Let’s Tune Into The EU’s Periphery: And The Winner In Spain’s Election Is?

Nicholas Zalewski
Pedro Sanchez, leader of PSOE and, leader of partido Popular were the two main competing parties in the election. Source: euro.ESEuro

The hotly contested Spanish parliamentary election has come to an end and it was an extremely close election. Partido Popular received 33.05 percent of the vote and is expected to have 136 seats in the Chamber of Deputies.  PSOE received 31,7 percent of the vote and is expected to have 122 seats in the Chamber of Deputies. As this is not enough for a majority in the Spanish Parliament to govern alone, it is unclear which political parties will be able to create a ruling coalition. 176 seats in the Chamber of Deputies are required in order to have a majority. 

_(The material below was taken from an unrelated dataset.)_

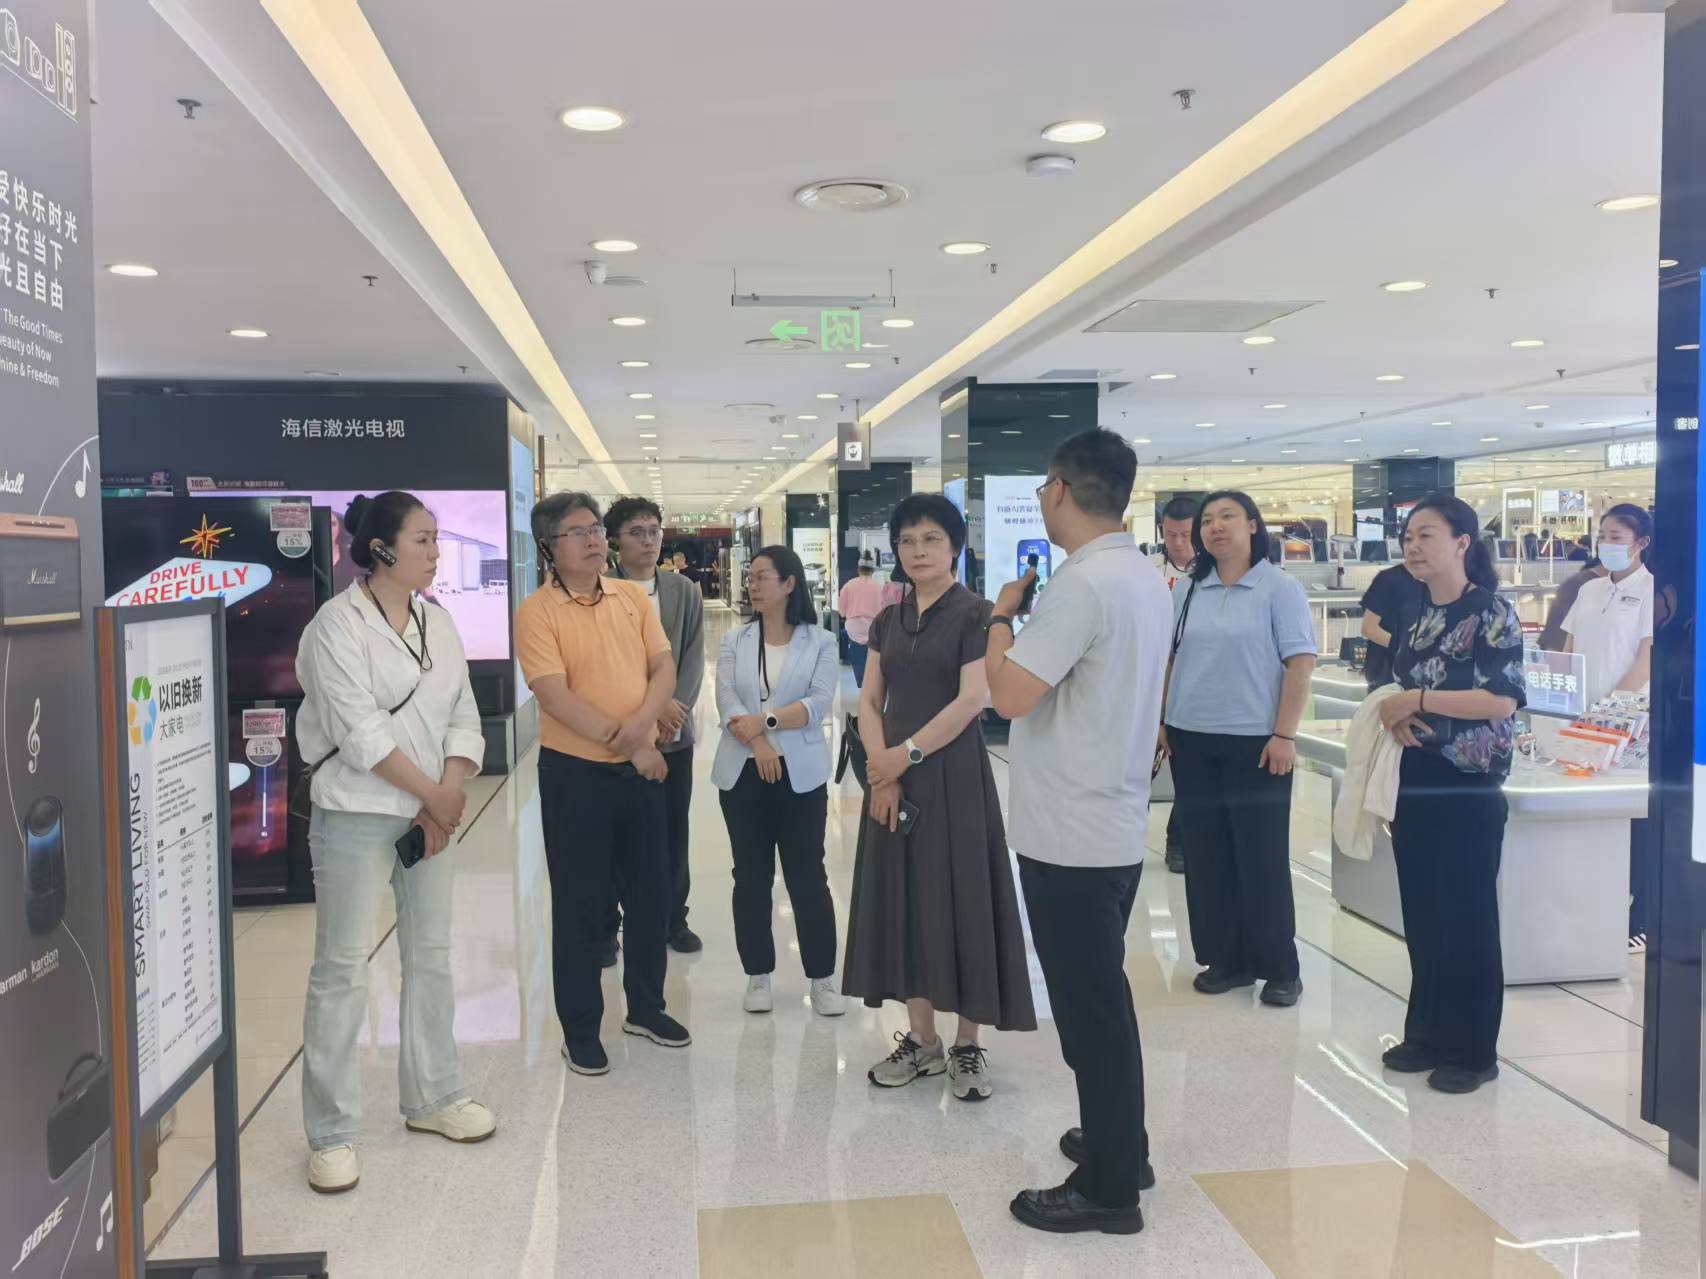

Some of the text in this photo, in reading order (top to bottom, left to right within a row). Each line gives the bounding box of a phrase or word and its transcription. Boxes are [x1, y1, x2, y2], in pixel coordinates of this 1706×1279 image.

The results have given left leaning parties cause to celebrate as they were predicted to receive significantly less votes than they did, proving Prime Minister Sanchez’s move to anticipate the election to prevent rightwing parties from gaining more support worked. If Partido Popular and Vox are able to form a coalition with other parties, this would be the first time since the end of Franco’s dictatorship in 1975 that the far-right has been a part of the ruling coalition. However, both the left and right wing do not have enough seats to form an absolute majority. Junts de Carles Puigdemont who leads Junts per Catalunya is adamant he will not support PSOE or Partido Popular. This means neither party would be able to form a ruling coalition and likely cause the country to head back to the polls for another coalition, unless Puigdemont changes his mind. 

VOX defines Sanchismo as ” political movement based on the lie and total lack of principals and values, whose main value is Pedro Sanchez from which the movement receives its name. Capable of working with Basque terrorists and separatists, communists, separatists who attempt to overthrow the government, and the rest of Spain’s enemies with the sole purpose of forming a government and enjoying his FALCON (private jet) anchored at La Moncloa (official residence of Spanish Prime Minister). Source: JULIO CALVO IGLESIAS

Backlash Against Sanchismo

Part of the outrage which caused uncertainty how well PSOE would perform in the election is Prime Minister Sanchez going against some of his promises. This has led to some critics accusing him of “Sanchismo” due to breaking promises. He initially said he would never form a coalition government with Unidas Podemos, yet he did. He also claimed he would not pardon nine separatists who were sentenced to prison for attempting to make the region of Catalunya an independent nation from Spain, yet he did as well. This issue in particular is contentious as Spaniards against Catalunya gaining independence viewed Sanchez pardoning the nine separatists as an act of betrayal of the nation. Despite the dissatisfaction with Sanchez however, PSOE gained 2 more seats.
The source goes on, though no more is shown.